1 Source of Data
The data for the project is collected from the UC Irvine Machine Learning Repository. The donor of the data set is Steven Salzberg, an American computational biologist and computer scientist who is a Bloomberg Distinguished Professor of Biomedical Engineering, Computer Science, and Biostatistics at Johns Hopkins University. The data set was donated in 1989.
2 Description of the variables
The data set was collected in 1989, it contains information of 132 patients in a U.S. clinical trial studied by Steven Salzberg at Harvard University. All 132 patients suffered from heart attacks at some point before the study was conducted. Echocardiography examinations were performed on all patients. The variables studied include:
● Survival Month : The number of months a patient survived (has survived, if patient is still alive). Because all the patients had their heart attacks at different times, it is possible that some patients have survived less than one year but they are still alive. Check the second variable to confirm this. Such patients cannot be used for the prediction task mentioned above.The unit of this variable is months.
● 8Still-alive* : Dummy variable. 0 = dead at end of survival period, 1 = still alive.
● Age at Heart Attack : Age in years when the patient’s first heart attack occurred. The unit of this variable is years.
● Pericardial-Effusion (PE) : Dummy Variable. Pericardial effusion is fluid around the heart. 0=no fluid, 1=fluid. Pericardial effusion is the buildup of extra fluid in the space around the heart. If too much fluid builds up, it can put pressure on the heart. This can prevent it from pumping normally. PE is examined using echocardiography.
● Fractional-Shortening (FS) : A measure of contractility around the heart. Fractional shortening (FS) is calculated by measuring the percentage change in left ventricular diameter during systole, examined using echocardiography. The unit of FS variable is observed as percentage values (%).
● EPSS : E-point septal separation, another measure of contractility. Larger Numbers are increasingly abnormal. EPSS can be examined using echocardiography by measuring distance in space separating the anterior MV leaflet from the septal wall. The unit of EPSS is millimeter (mm).
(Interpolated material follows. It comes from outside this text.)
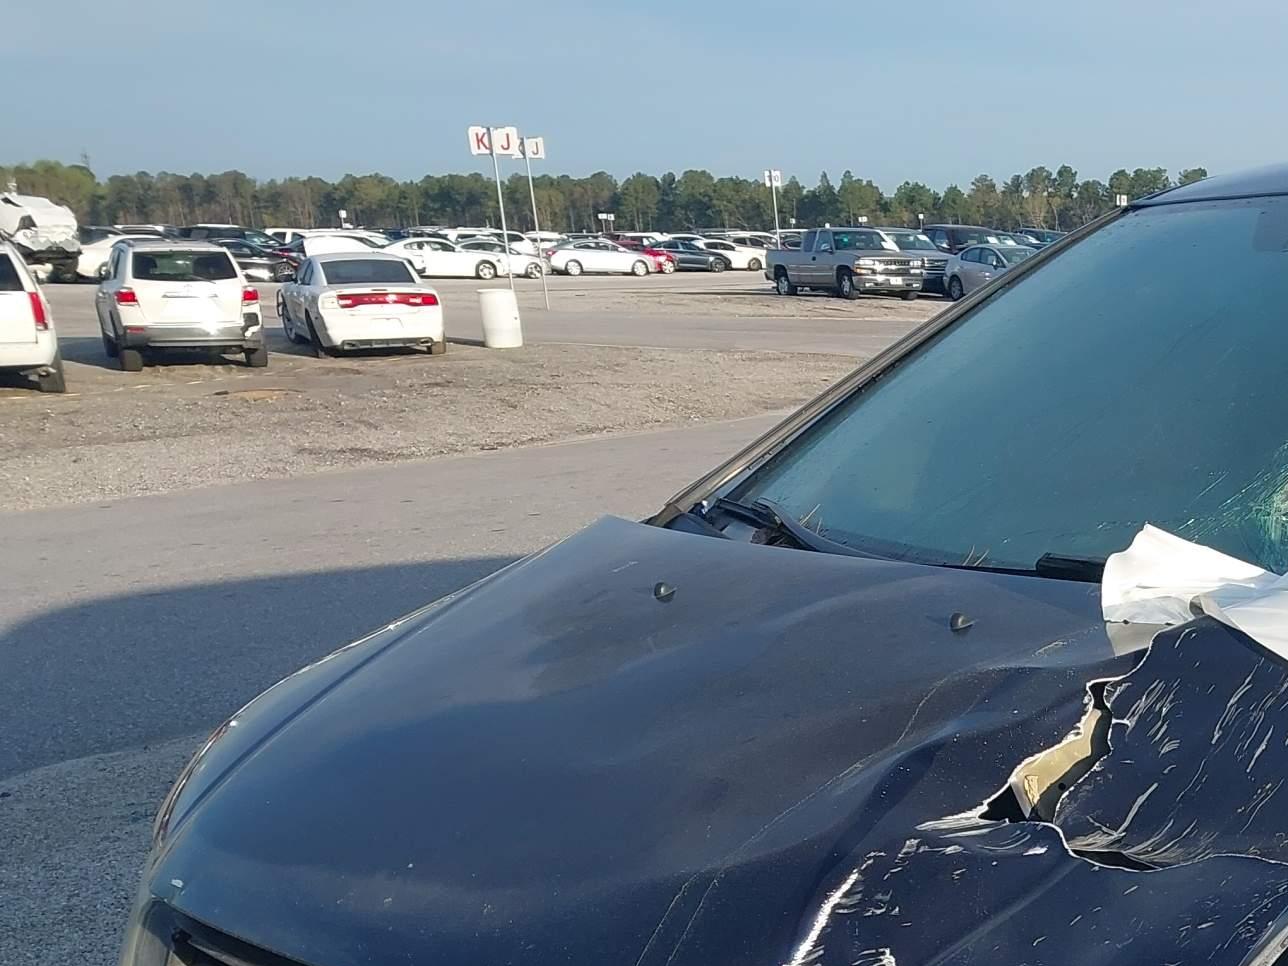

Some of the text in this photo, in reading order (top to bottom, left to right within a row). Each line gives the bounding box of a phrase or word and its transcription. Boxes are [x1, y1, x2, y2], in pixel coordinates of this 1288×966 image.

[475, 132, 511, 151] K J
[531, 141, 540, 156] J
● LVDD : left ventricular end-diastolic dimension, examined using echocardiography. This is a measure of the size of the heart at the end-diastole. Large hearts tend to be sick hearts.The LVDD variable is observed as percentage values (%).
● Wall-Motion-Index : equals wall-motion-score divided by number of segments seen. Using a standard transthoracic echocardiography sequence, each myocardial segment is assigned a score from 1 to 4. Usually 12-13 segments are seen in an echocardiogram.
- Research question or motivation
Heart attack, or myocardial infarction (MI), occurs when the flow of blood to the heart is blocked. WHO reported that cardiovascular diseases (CVDs) are the number 1 cause of death globally, taking an estimated 17.9 million lives each year. CVDs create a significant impact both socially and economically. According to the American Heart Association, the direct and indirect costs of cardiovascular diseases and stroke totaled more than $316.6 billion, which includes health expenditures and lost productivity.
Echocardiography is one of the most prominent methods used for CVD diagnosis as it provides crucial information including the variables listed in the part 2. In this research, we aim to use the echocardiography explanatory variables listed above to predict the patients’ total survival months. This analysis will help identify the key echocardio factors that affect the patients’ survivals, and examine whether echocardiography results are good predictors for patients’ total survival months.